The artillery is already lining up with promises of oodles of cash for Specter. This story was highlighted over at Big Union Vows To Back Arlen Specter In 2010 If He Supports Employee Free Choice

This is big: Senior officials with the powerful AFL-CIO have privately assured GOP Senator Arlen Specter that they’ll throw their full support behind him in the 2010 Senate race if he votes for the Employee Free Choice Act, a senior labor strategist working closely with the AFL on the issue tells me.

This is significant, because it represents a big incentive for Specter to switch parties — and to support Employee Free Choice. Specter may be facing a serious GOP primary challenge from Club for Growth head Pat Toomey. If he loses that — or pulls out of the GOP first and becomes an Indy or a Dem — supporting Employee Free Choice could give him the organizational muscle from labor and Democratic support he needs to prevail in a general election and hold his seat.

The labor strategist tells me that top AFL-CIO officials have told Specter they’ll back him to the hilt if he supports their top priority.

“If Senator Specter supports working people — particularly voting with us on Employee Free Choice — the AFL-CIO will support him 100 percent of the way, whether in a primary or a general election,” the strategist says.

AFL-CIO spokesperson Eddie Vale declined comment.

Interestingly, because labor support would actually hurt him in a GOP primary, AFL-CIO’s promise also is an incentive to switch parties earlier, rather than later.

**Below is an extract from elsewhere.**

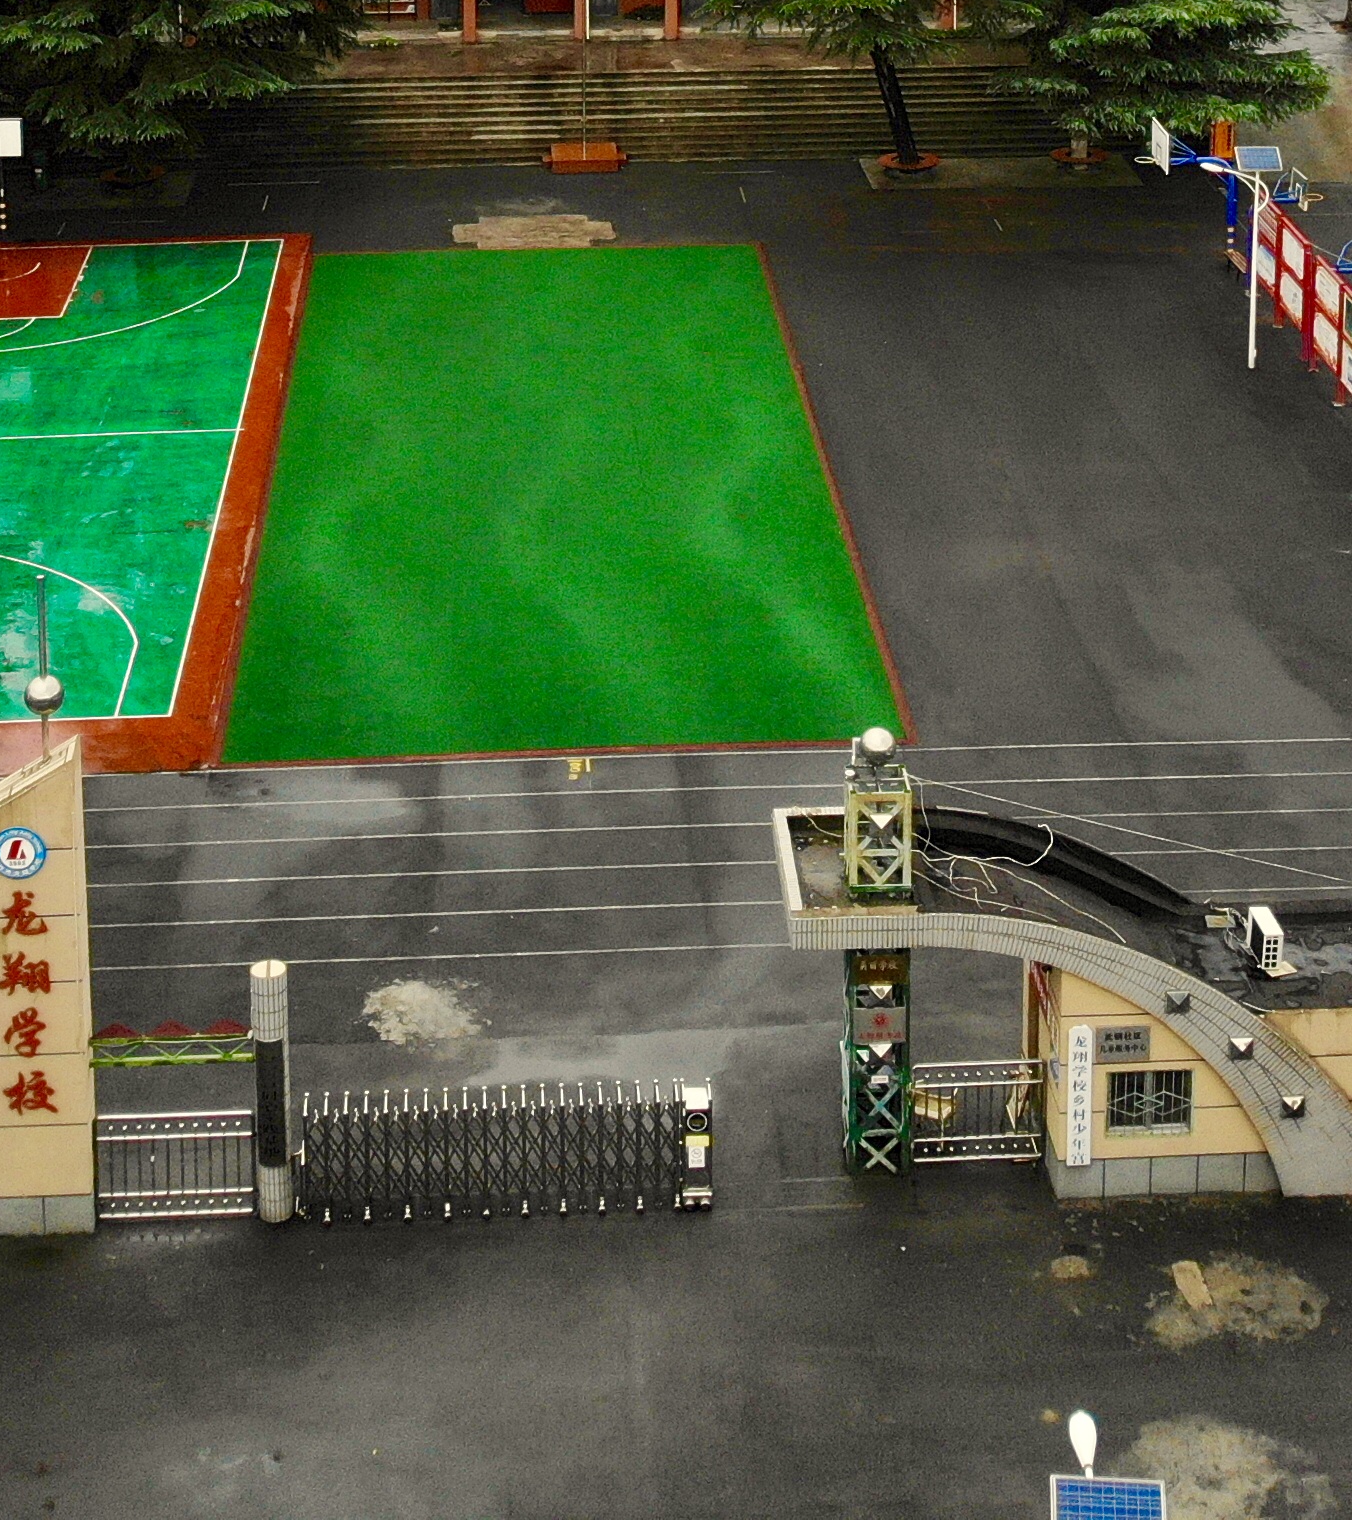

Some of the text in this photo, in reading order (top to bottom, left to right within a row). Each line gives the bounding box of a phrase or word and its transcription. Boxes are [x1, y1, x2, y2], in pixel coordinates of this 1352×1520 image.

[1072, 1035, 1089, 1165] 龙翔学校乡村少年宫

Some analysts think his only hope of holding on to his seat is to switch parties and prevail in a general election, something which labor backing would make easier.

To be sure, there’s no telling what Specter will do, and another wild card is whether Pennsylvania Governor Ed Rendell would back a Specter switch.

Markos Moulitsas, who first heard these conversations, has an interesting rundown gaming out all the possibilities for Specter. This is getting mighty interesting.

Update: The AFL-CIO goes on the record about supporting Specter.

Update II: The story is sparking controversy among EFCA’s opponents. Associated Builders and Contractors national chair Jerry Gorski issued a statement blasting the AFL-CIO as “union bosses in Washington” who are trying to “buy a vote in support of the misnamed Employee Free Choice Act” and “shove this legislation onto the American public.”